Why use the Cleanse data step?
| Operation | Description | Example |
|---|---|---|
| Replace Values | Replace specific values or substrings with alternatives or blanks. | "N/A" → "" or "Ltd." → "Limited" |
| Convert Case | Standardize text by converting to upper case, lower case, or title case. | “jOHN doe" → "John Doe" |
| Trim String | Remove unwanted characters from the beginning, end, or both ends of a string. | " John Doe " → "John" |
| Get Substring | Retrieves a segment of a string starting from a given position and spanning a defined length. | "ABCD1234" → "1234" |
| Pad String | Appends characters to either the start or end of a string field to achieve a defined length. | "123" → "00123" |
| Replace Between | Substitutes a segment of the string located between two designated characters. | "Serial(987)" → "Serial(***)" |
| Replace by Position | Substitutes a portion of a string defined by the starting and ending positions. | "XYZ0012345" → "XYZ0000005" |
| Cleanup Whitespaces | Removes unwanted spaces from text fields. | "Hello World" → "HelloWorld" |
- Add multiple actions of each operation type within a single Cleanse Data step.
- Apply these actions across one or more fields.
- Preview the combined impact of all configured actions.
When to use Cleanse data?
- Preparing unstructured or messy string fields.
- Standardizing values before validation or matching.
- Removing inconsistencies caused by case sensitivity or special characters.
- Replacing placeholder terms like "N/A", "Unknown", or similar values.
Add the Cleanse data step
- In the pipeline canvas, click + Add Step.
- Select Cleanse Data from the list.
- The Cleanse Data step is added and opens in the configuration panel.
Adding and Configuring Actions
- In the Cleanse Data panel, click + Add Action.
- Choose an operation from the dropdown:
- A configuration panel appears based on the selected operation.
Managing actions
After applying actions, they appear in the Actions list in the Cleanse Data panel.
- Edit an action by clicking the pencil icon.
- Delete an action using the trash icon.
- Add more actions at any time using + Add Action.
Actions are executed in the order they are listed.
Previewing changes
The Cleanse Data step provides a preview of how your data will appear after all configured actions are applied.
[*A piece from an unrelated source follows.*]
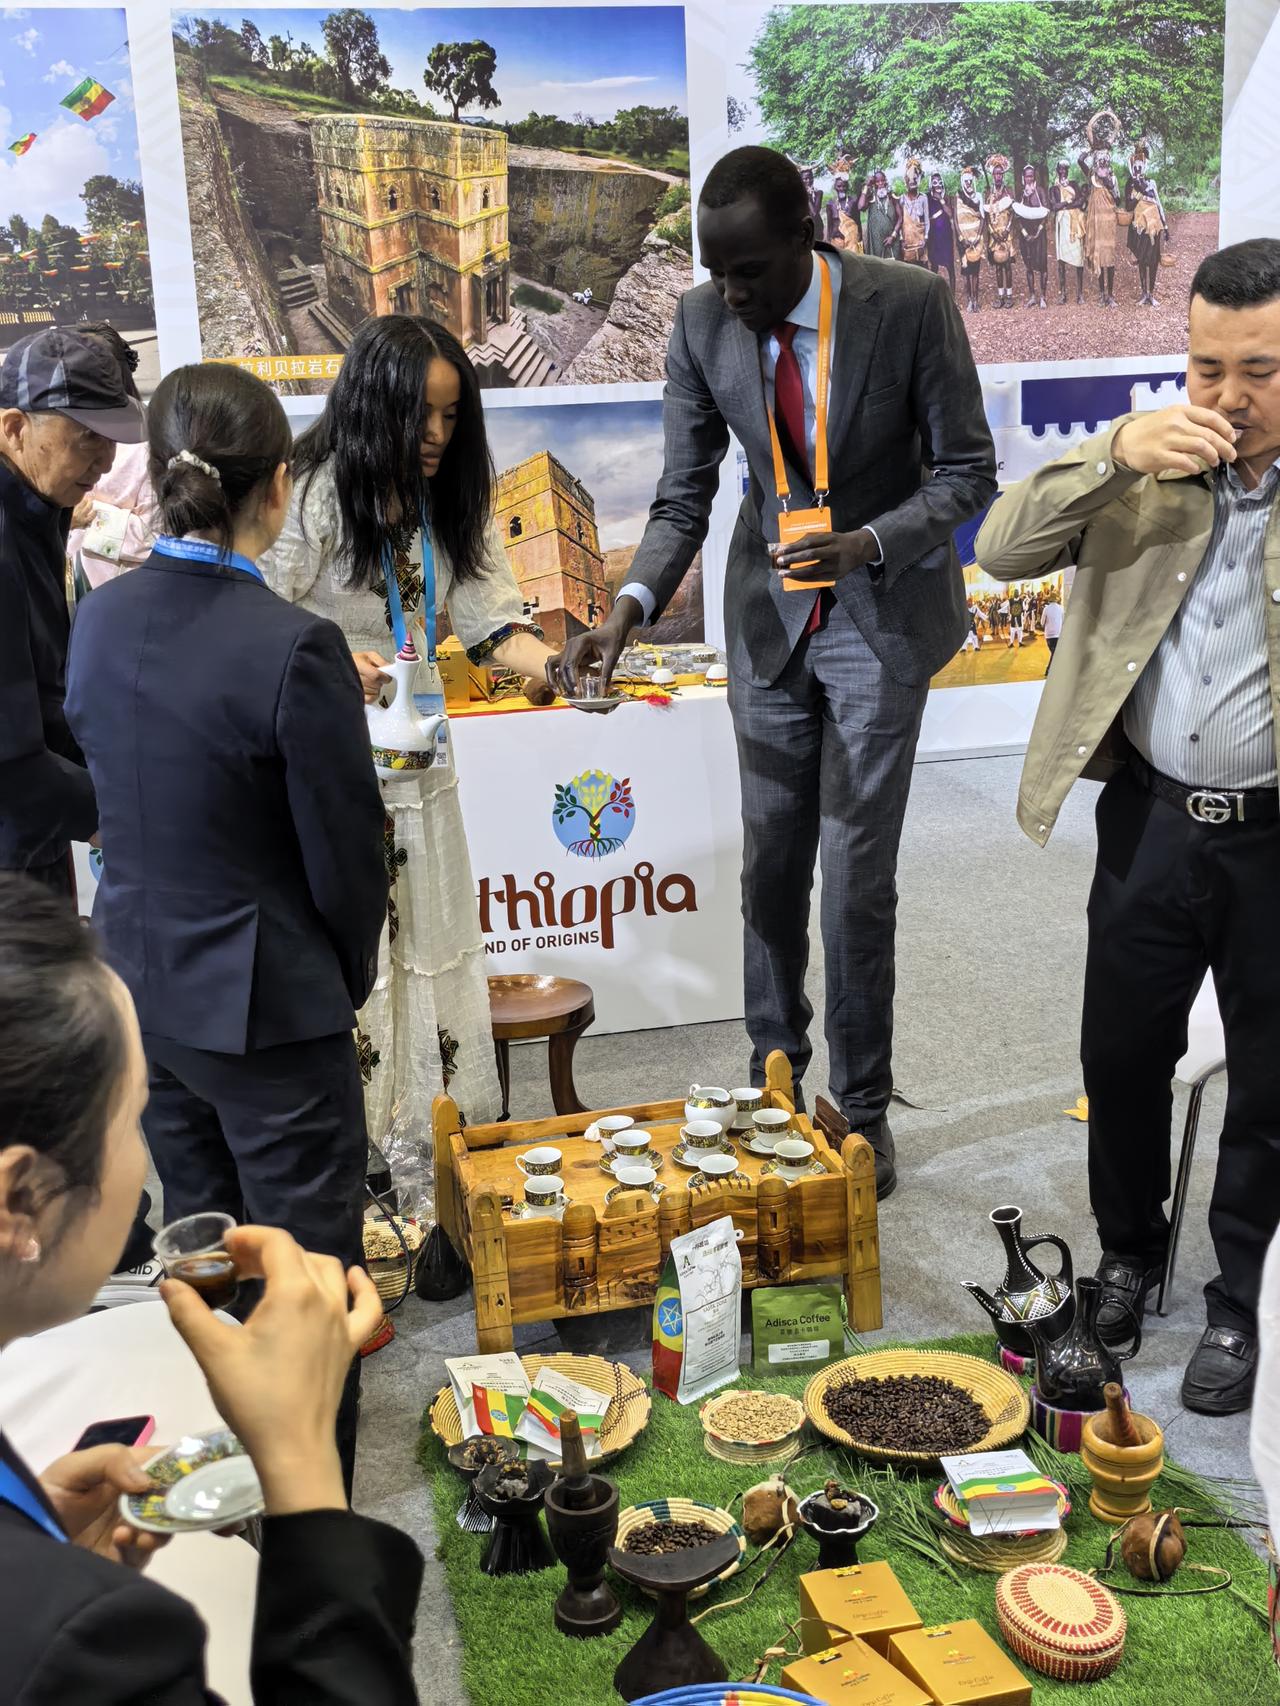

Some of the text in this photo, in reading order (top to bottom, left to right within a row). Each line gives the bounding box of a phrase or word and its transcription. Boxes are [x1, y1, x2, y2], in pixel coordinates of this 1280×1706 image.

[476, 861, 698, 949] thiopia
[484, 930, 600, 954] ND OF ORIGINS
[765, 1313, 831, 1328] Adisca Coffee
This preview helps you confirm that all cleansing operations produce the intended results before publishing the pipeline.
Best practices
- Use descriptive action names to clarify each action’s purpose.
- Group related operations together, for example, trim and convert case actions on the same field.
- Avoid overlapping rules (e.g., trimming a value you later replace).
- Test complex replacements with a small preview set before applying broadly.
- Preview changes before saving to ensure accuracy.